In this respect, baptismal theology did create a Christian culture - Christendom - which people can be affiliated with culturally (in the sense of having been raised in a Christian culture, probably baptised at some point (whether with water or "in spirit") and adhering, instinctively, to set of moral suppositions and holidays, like Christmas and Easter, that are idetifiably Christian in origin).

As such, 'lapsed Catholicism' / 'cultural Catholicism' is as much a social reality as 'secular Jewishness' and this forum has a number of such cultural Catholics on it and this has even assumed a secondary 'ethnic component' from traditionally Catholic cultures (i.e. "Irish Catholics, Polish Catholics"):


Cultural Catholic - Wikipedia


A cultural catholic is a person who identifies with Catholic traditions but does not actively practice the religion.[1] Some cultural Catholics may still attend church at special occasions, such as Christmas, Easter, infant baptism, weddings and funerals.

Lapsed Catholic - Wikipedia


A lapsed Catholic is a baptized Catholic who is non-practicing.[1] Such a person may still identify as a Catholic[2] and remains a Catholic according to canon law.[3]

Some lapsed Catholics attend Mass on special occasions like Christmas and Easter. Such lapsed Catholics are colloquially referred to by such terms as Cultural Catholics, Convenient Catholics, Submarine Catholics, Two-Timers (for attending Mass twice a year), Chreasters (a portmanteau of Christmas and Easter),[24][25] C&E Catholics, Poinsettia & Lily Catholics,[25] CEOs ("Christmas and Easter Only"), APEC, CAPE or PACE Catholics (Palm [Sunday], Ash [Wednesday], Christmas, Easter), CASE Catholics ("Christmas and Sometimes Easter"), CMEs (Christmas, Mother's Day and Easter), or A&P Catholics (for Ash Wednesday and Palm Sunday).[26]

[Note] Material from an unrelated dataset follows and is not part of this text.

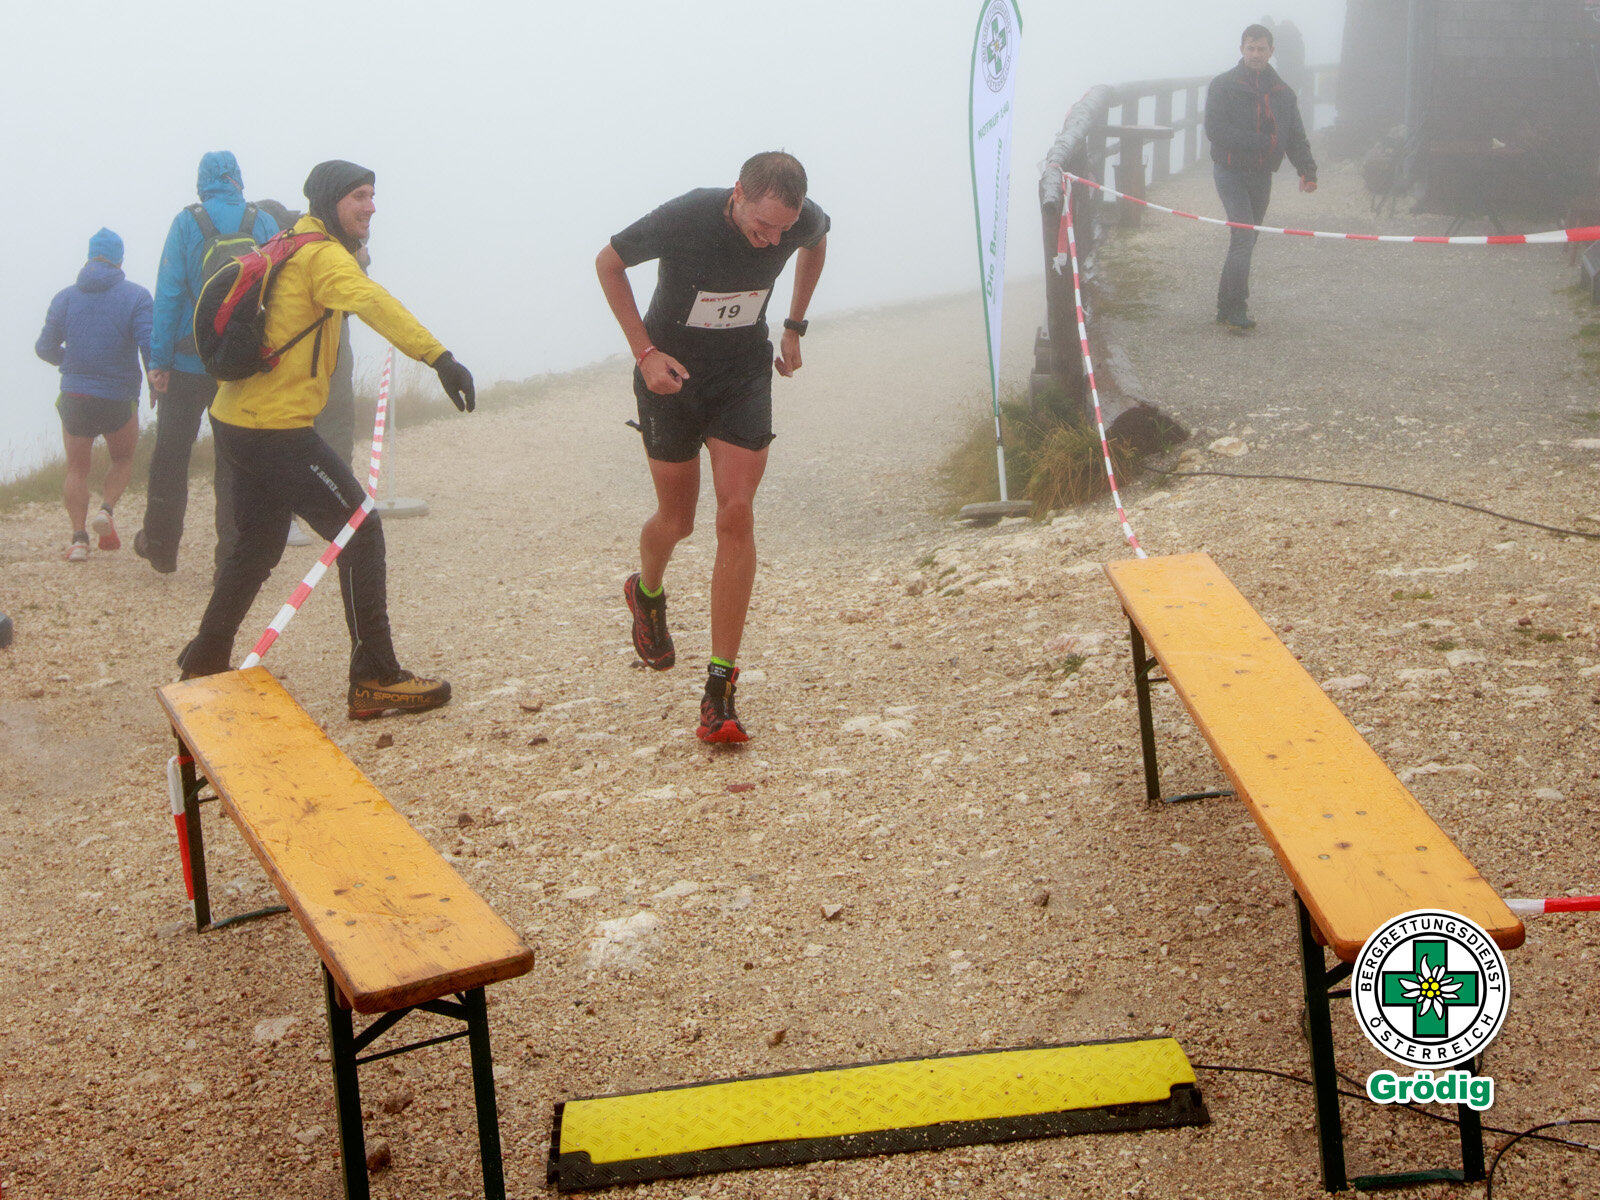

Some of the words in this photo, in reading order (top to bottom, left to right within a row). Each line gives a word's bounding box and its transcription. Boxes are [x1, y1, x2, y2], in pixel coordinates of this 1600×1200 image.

"Cultural Catholic" is also used to refer to a non-religious member of a historically Catholic ethnic group, such as Austrian,[27] Belgian, Bavarian , French, French Canadian, Filipino, Hungarian,[28] Irish, Italian, Lithuanian, Maltese, Poles,[29] Portuguese, Spaniards,[30] Slovene, Slovak and Latin Americans.[31]


Research among self-identified Catholics in the Netherlands, published in 2007, found that only 27% of the Dutch Catholics could be regarded as a theist, 55% as an ietsist, deist or agnostic and 17% as atheist. Thus, the vast majority of Dutch Catholics were cultural Catholics.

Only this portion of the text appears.